> [EXERCISE]:
Copy the following data exactly and drop the pictures.

----- DATA FOR REVIEW -----

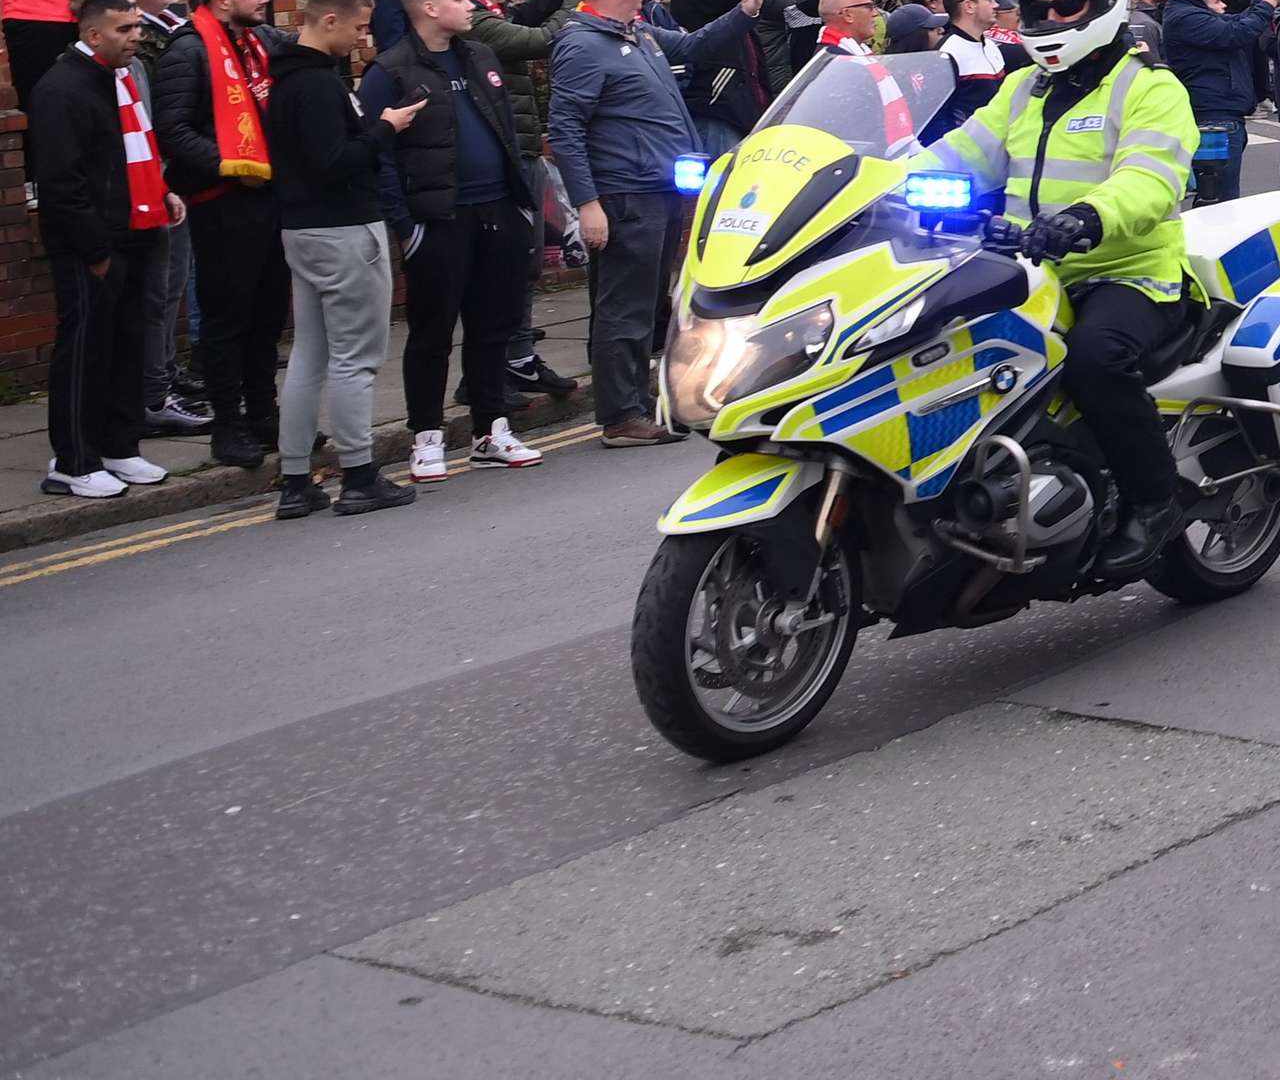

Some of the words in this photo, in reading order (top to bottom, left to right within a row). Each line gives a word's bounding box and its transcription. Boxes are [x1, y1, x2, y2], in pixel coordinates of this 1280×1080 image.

[1071, 118, 1101, 129] POLICE
[740, 149, 810, 171] POLICE
[719, 217, 759, 231] POLICE
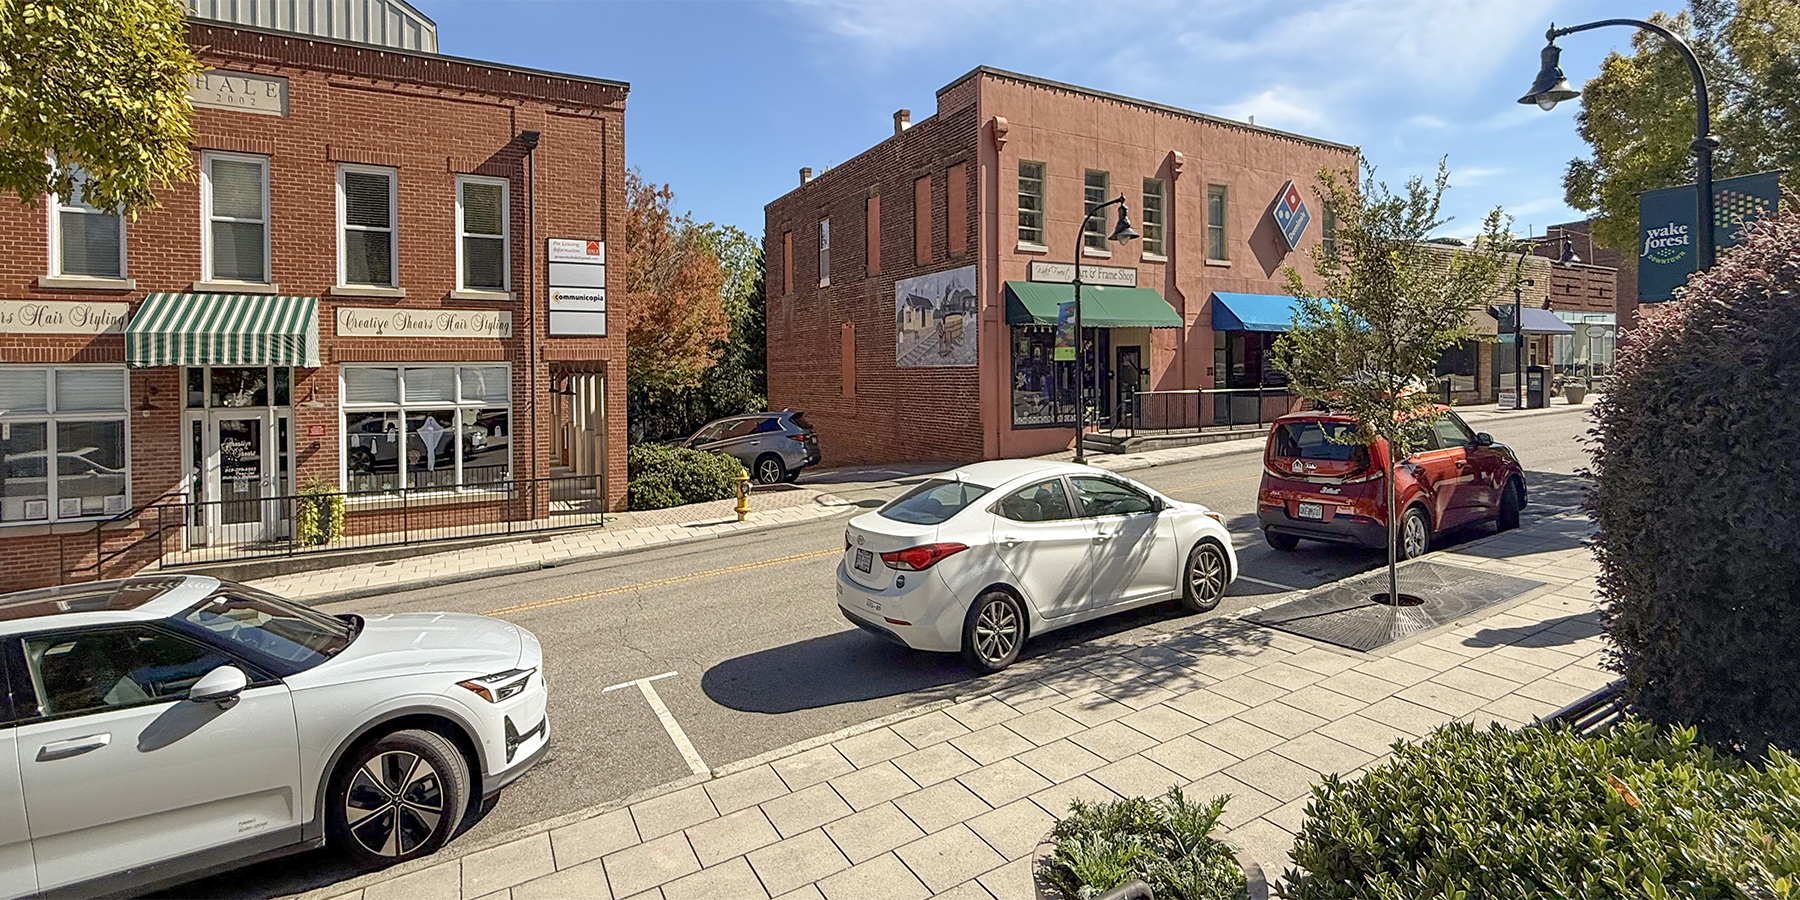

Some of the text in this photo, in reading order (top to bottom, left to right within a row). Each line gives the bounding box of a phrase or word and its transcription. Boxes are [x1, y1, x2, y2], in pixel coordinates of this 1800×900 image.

[196, 74, 278, 98] HALE
[216, 93, 256, 106] 2002
[1646, 222, 1688, 239] wake
[1640, 234, 1690, 257] forest
[1647, 250, 1686, 264] DOWNTOWN
[1090, 266, 1097, 279] &
[1098, 267, 1118, 280] Frame
[1118, 269, 1134, 284] Shop
[552, 292, 604, 303] communicopia
[18, 303, 64, 328] Hair
[69, 303, 125, 332] Styling
[340, 309, 510, 335] Creative Shears Hair Styling

-----

> [WRITTEN SOLUTION]:
Some of the words in this photo, in reading order (top to bottom, left to right within a row). Each line gives a word's bounding box and its transcription. Boxes are [x1, y1, x2, y2], in pixel coordinates of this 1280×1080 image.

[1071, 118, 1101, 129] POLICE
[740, 149, 810, 171] POLICE
[719, 217, 759, 231] POLICE

Some of the text in this photo, in reading order (top to bottom, left to right within a row). Each line gives the bounding box of a phrase or word and its transcription. Boxes are [x1, y1, x2, y2], in pixel coordinates of this 1800×900 image.

[196, 74, 278, 98] HALE
[216, 93, 256, 106] 2002
[1646, 222, 1688, 239] wake
[1640, 234, 1690, 257] forest
[1647, 250, 1686, 264] DOWNTOWN
[1090, 266, 1097, 279] &
[1098, 267, 1118, 280] Frame
[1118, 269, 1134, 284] Shop
[552, 292, 604, 303] communicopia
[18, 303, 64, 328] Hair
[69, 303, 125, 332] Styling
[340, 309, 510, 335] Creative Shears Hair Styling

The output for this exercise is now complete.